The actor shortly transitioned to another role on “Arrow” where he played Roy Harper/Arsenal throughout the show’s eight seasons. Though he had been a regular on Season 7, he only returned in a limited capacity for the show’s final outing.

“I had walked away from my full-time job on Arrow at the beginning of the year, supposedly because my contract had ended,” he admitted, “but it was really because I was too depressed and I couldn’t stand working with one of my cast mates.”

In the book, the actor also opened up about his struggles with addiction, describing his final bender where he consumed mass amounts of Xanax and alcohol and woke up in the hospital with a bracelet named “Bruce Stark” — an alias his friends used to keep his hospital admission out of the press.

“After a week at Cedars, I still couldn’t walk,” he wrote. “A doctor told me that I’d taken a near-lethal dose of Xanax on my final bender, of which I had no recollection; it didn’t sound like something I would do, but I had to admit that I didn’t recognize the person I’d turned into.

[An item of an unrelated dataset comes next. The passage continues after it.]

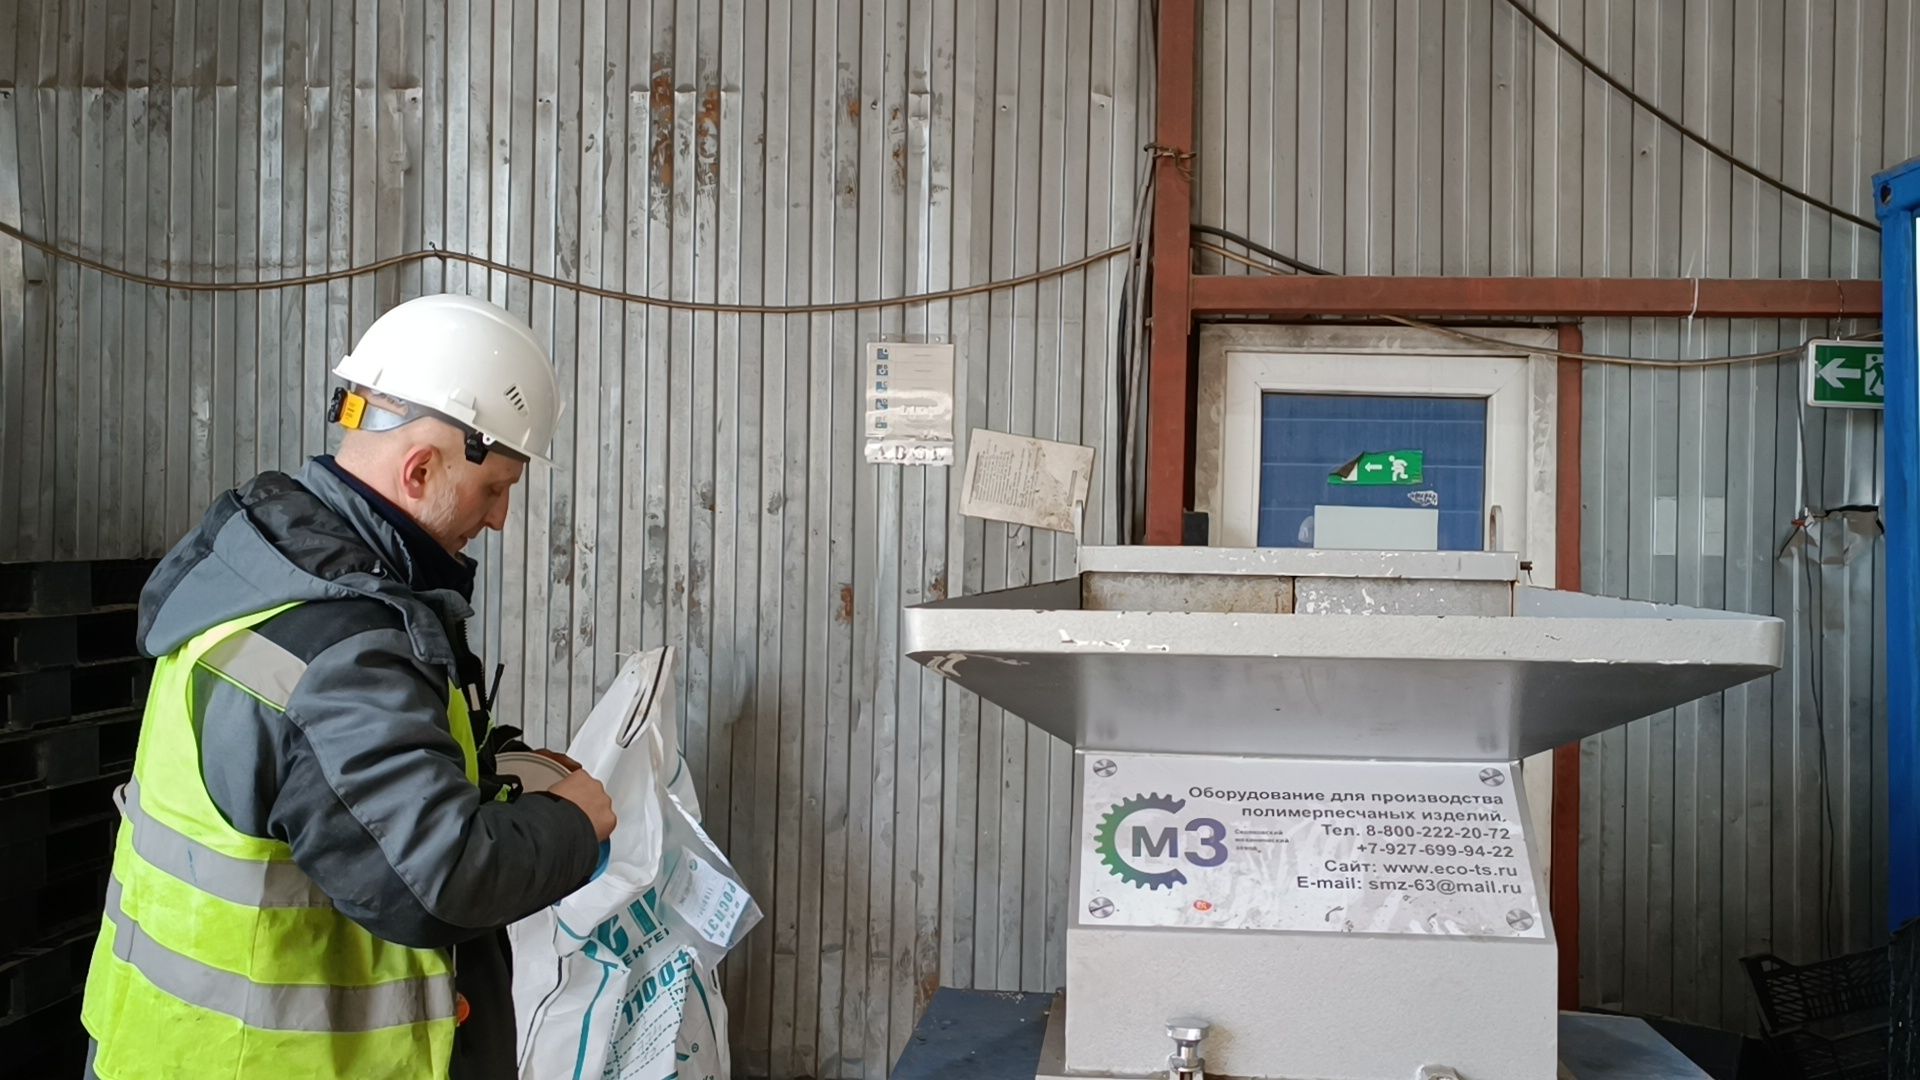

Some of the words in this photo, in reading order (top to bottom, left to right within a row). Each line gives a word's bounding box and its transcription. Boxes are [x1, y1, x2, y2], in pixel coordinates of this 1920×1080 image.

I had no idea what his intentions were.”

Colton explained he turned to drinking to alleviate painful life moments and memories — including his alleged sexual abuse by his uncle when he was six and his mother’s death — as well as the pressures of intense public scrutiny and the shaming he’d get online.

“I was drunk and too fat, too skinny, too successful, too washed up, too pretty, too threatening, too short, too honest, too gay, too straight, too cocky, too serious, too goofy, too this, too that,” he said of the labels put on him.

Haynes is nearly four years sober now and says the road to sobriety is “the only road I’ve ever been on where I’ve kept both hands firmly on the wheel, the only one I’ve ever taken slow, noticed the warning signs, and given pedestrians the right of way.”

His memoir, “Miss Memory Lane,” is out now.